Mark got on the dolefulest, mournfulest look I ever saw.

“Mr. Skip,” says he, good and loud, so everybody could hear him, “can’t you give us a l-little time?”

“Not a day,” says Skip, snapping his jaws shut.

“I know we owe the money,” says Mark, “but we didn’t git it of you. You went out of your way to buy up that chattel mortgage. You did it just so as to bust up this b-b-business.” He didn’t say it mean, but just like he was almost ready to cry. Skip’s eyes was blinking with satisfaction.

“We can p-pay you part of it,” says Mark. “Won’t you give us time on the rest?”

“Not a minute,” says Skip.

“But, Mr. Skip, think about Mr. Smalley. He’s hurt and in the hospital. Think about Mrs. Smalley. This store is all they’ve got. Nobody knows what’ll h-happen to ’em if you don’t give us time.” He was saying this loud so everybody in the store could hear.

Skip looked around uneasy and says: “There hain’t no use hollerin’. This is private talk.”

“Maybe it is,” says Mark, but he didn’t lower his voice. “But what’re you g-goin’ to do? Like as not the Smalleys would have to go to the p-poor-farm or somethin’. You’ll git your money, Mr. Skip, if you’ll let us have a little time.”

“Not a minute,” says Skip, beginning to get mad.

“Then,” says Mark, “you want to hurt Mr. Smalley in the hospital, and fix it so his wife hasn’t got a cent to buy a meal? Do you want to do that, Mr. Skip?”

“I hain’t got nothin’ to do with that. The money’s due me and I need it. If you hain’t got it to pay I’m goin’ to take the stock.”

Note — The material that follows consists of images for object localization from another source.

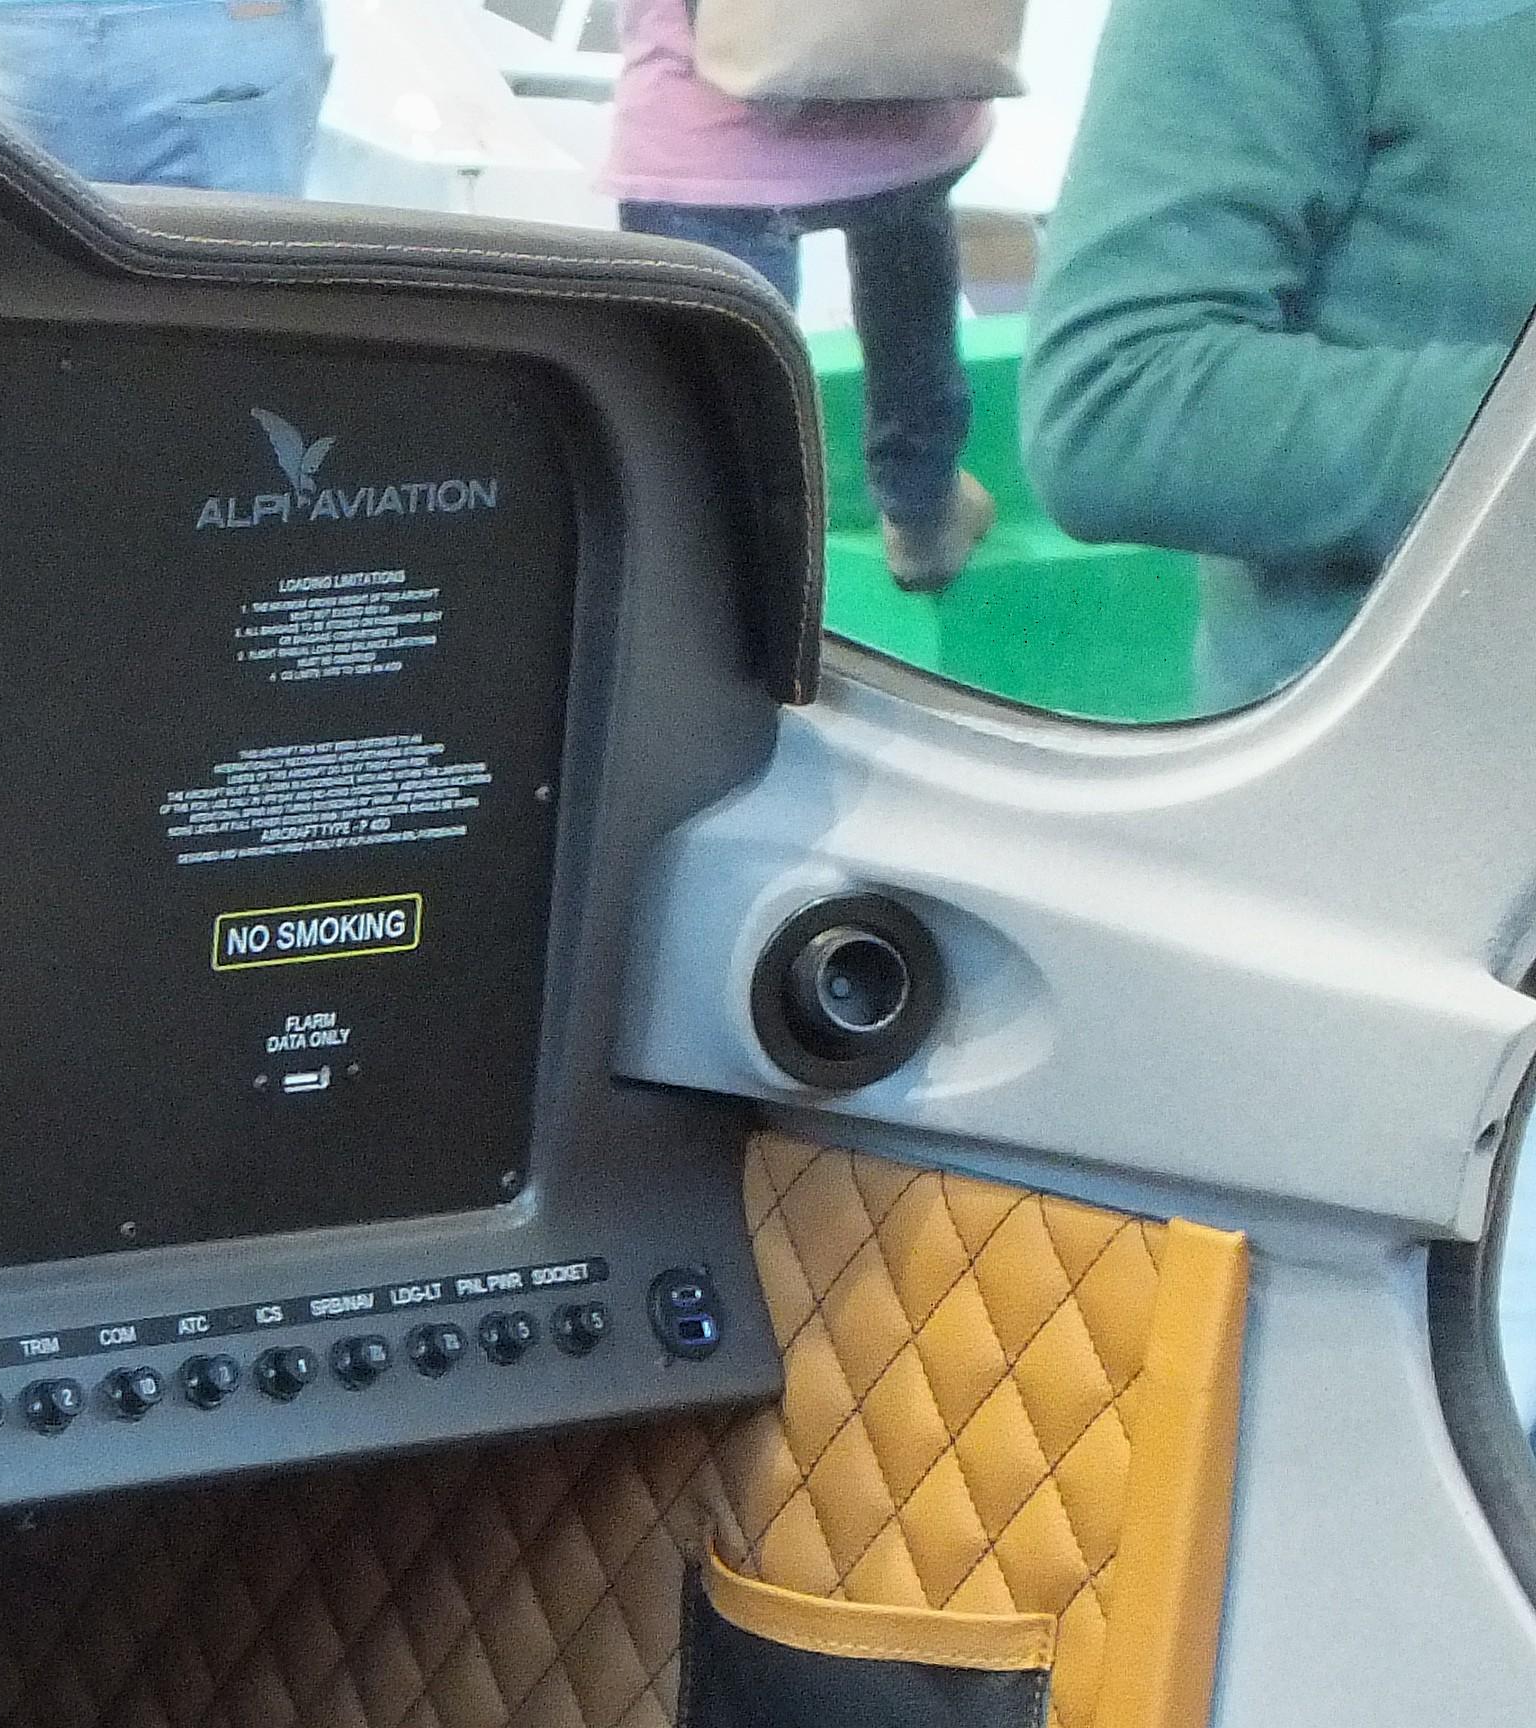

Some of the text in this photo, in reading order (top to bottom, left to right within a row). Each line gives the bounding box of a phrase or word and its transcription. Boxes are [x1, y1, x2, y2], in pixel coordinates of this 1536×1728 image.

[194, 478, 498, 531] ALPI AVIATION
[226, 908, 407, 957] NO SMOKING
[284, 1012, 337, 1032] FLARM
[266, 1027, 352, 1054] DATA ONLY
[530, 1263, 589, 1286] SOCKET
[390, 1282, 442, 1305] LDG-LT
[255, 1305, 284, 1324] ICS
[591, 1311, 604, 1329] 5
[98, 1325, 138, 1346] COM
[177, 1315, 211, 1336] ATC
[19, 1336, 60, 1356] TRIM
[61, 1387, 74, 1407] 2

“You won’t take part and wait f-for the rest?”

“No,” says Skip.

“All right, then,” says Mark. “Friday’s the day, I expect. It’s perty hard on the Smalleys, though.”

Well, sir, you should have seen the customers that were hanging around with their mouths open. They were eying Skip like they thought he was the meanest man alive, and I could hear them saying things to each other under their breath. Skip was getting some fine advertising.

“What I want to know,” says Skip, “is, will you turn over the stock without a lot of officers and papers?”

“I don’t b-believe we can,” says Mark. “If you take this stock you got to take it the way the law says.... Now good-by, Mr. Skip. This store is ours till Friday, and if you so much as step a foot in it again till you c-come with the sheriff somethin’ will happen to you that’ll make you wish you’d fallen down a well.”

At that he turned his back and went behind the counter. Skip sneaked a look at the women and slunk out as fast as he could go.

When he was gone you should have heard those five women sail into him. My! the things they said about him! In another hour Wicksville would know just what had been said and just what those five women thought about it. Mark winked at me solemn. When the folks were gone he says:

“P-public opinion, Plunk. Ever hear of it?”

“Yes,” says I.

“I’m s-sickin’ it on Jehoshaphat. He’ll be a popular feller in Wicksville. Won’t he be popular, though!”

“What’s the idea?” says I. “Why didn’t you pay him his money and kick him out?”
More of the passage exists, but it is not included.